Putin derrubou as sanções ocidentais ao criar uma janela de oportunidade para sustentar as amplas parcerias econômicas da Rússia com o mercado mundial por meio de Turquia.

Enquanto isso, Erdogan visualiza uma rara oportunidade de reverter a crise econômica de seu país usando a conexão com a Rússia e antecipar sua próxima campanha eleitoral como um realizador.

Putin está acumulando o investimento pessoal que fez na criação de uma relação de respeito mútuo e confiança mútua com Erdogan na última década. A conclusão do encontro de Sochi mostra que foi um investimento altamente recompensador em um momento em que a Rússia visualiza Turquia como um parceiro indispensável.

Washington só pode ferver  

Sem dúvida, este desenvolvimento tem implicações geopolíticas de longo alcance.

Já há consternação nas capitais ocidentais. O ocidente acha difícil conviver com Erdogan, mas, ao mesmo tempo, também acha impossível viver sem a Turquia.

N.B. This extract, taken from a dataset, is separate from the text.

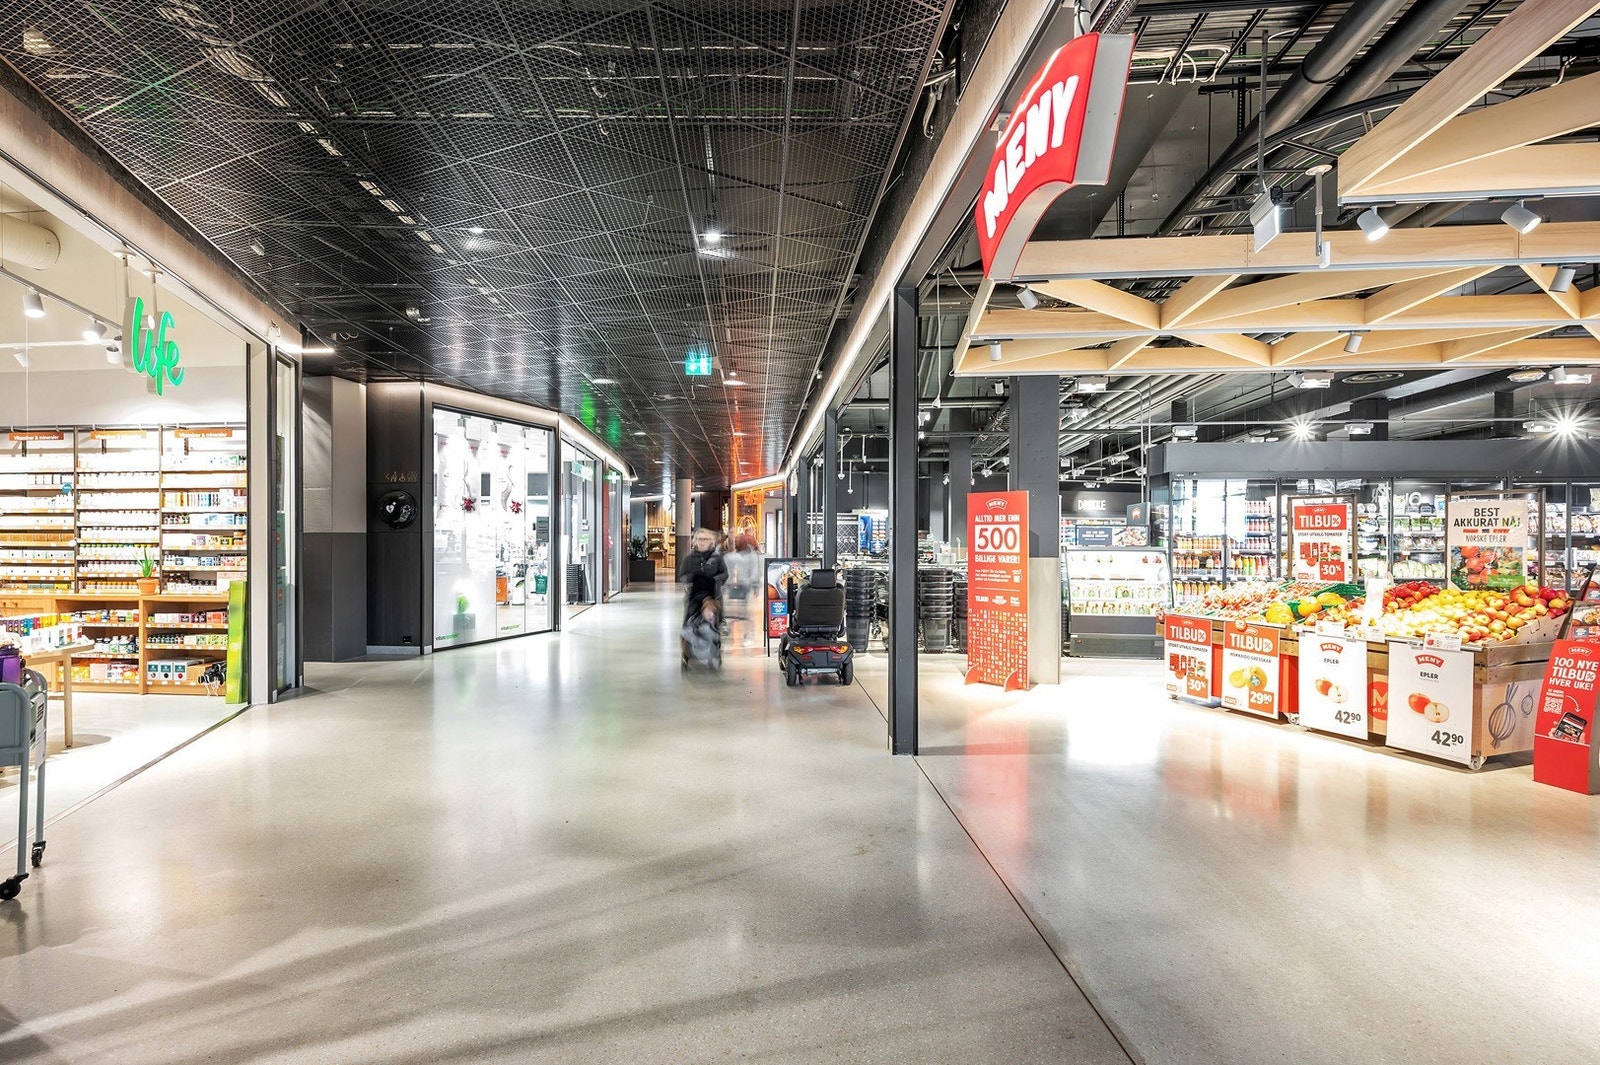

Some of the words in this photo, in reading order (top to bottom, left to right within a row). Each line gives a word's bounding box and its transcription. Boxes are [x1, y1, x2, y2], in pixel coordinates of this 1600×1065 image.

Embora a diplomacia de Erdogan possa ser disruptiva e imprevisível, também há uma admiração sorrateira pelas estreitas conexões regionais de Turquia, que criam peso político, como mostra o recente acordo de grãos .

Ivo Daalder, ex-embaixador dos EUA na OTAN e presidente do Conselho de Chicago sobre Assuntos Globais, escreveu no Politico que Erdogan é um vilão e um herói cuja “presidência levou as ofensas da Turquia a um nível totalmente novo”, mas a importância estratégica do país à OTAN é, no entanto, muito claro. “Em outras palavras, a Turquia é um aliado cada vez mais difícil de se conviver e quase impossível de se viver sem.”

É claro que, para a aliança ocidental, a ação mais cruel de todos foi a recusa de Erdogan em impor sanções à Rússia. Ironicamente, isso agora está dando uma tábua de salvação crucial para a Rússia sitiada, ao mesmo tempo em que promete a Erdogan um trampolim para rejuvenescer a economia de seu país e garantir um mandato renovado em 2023.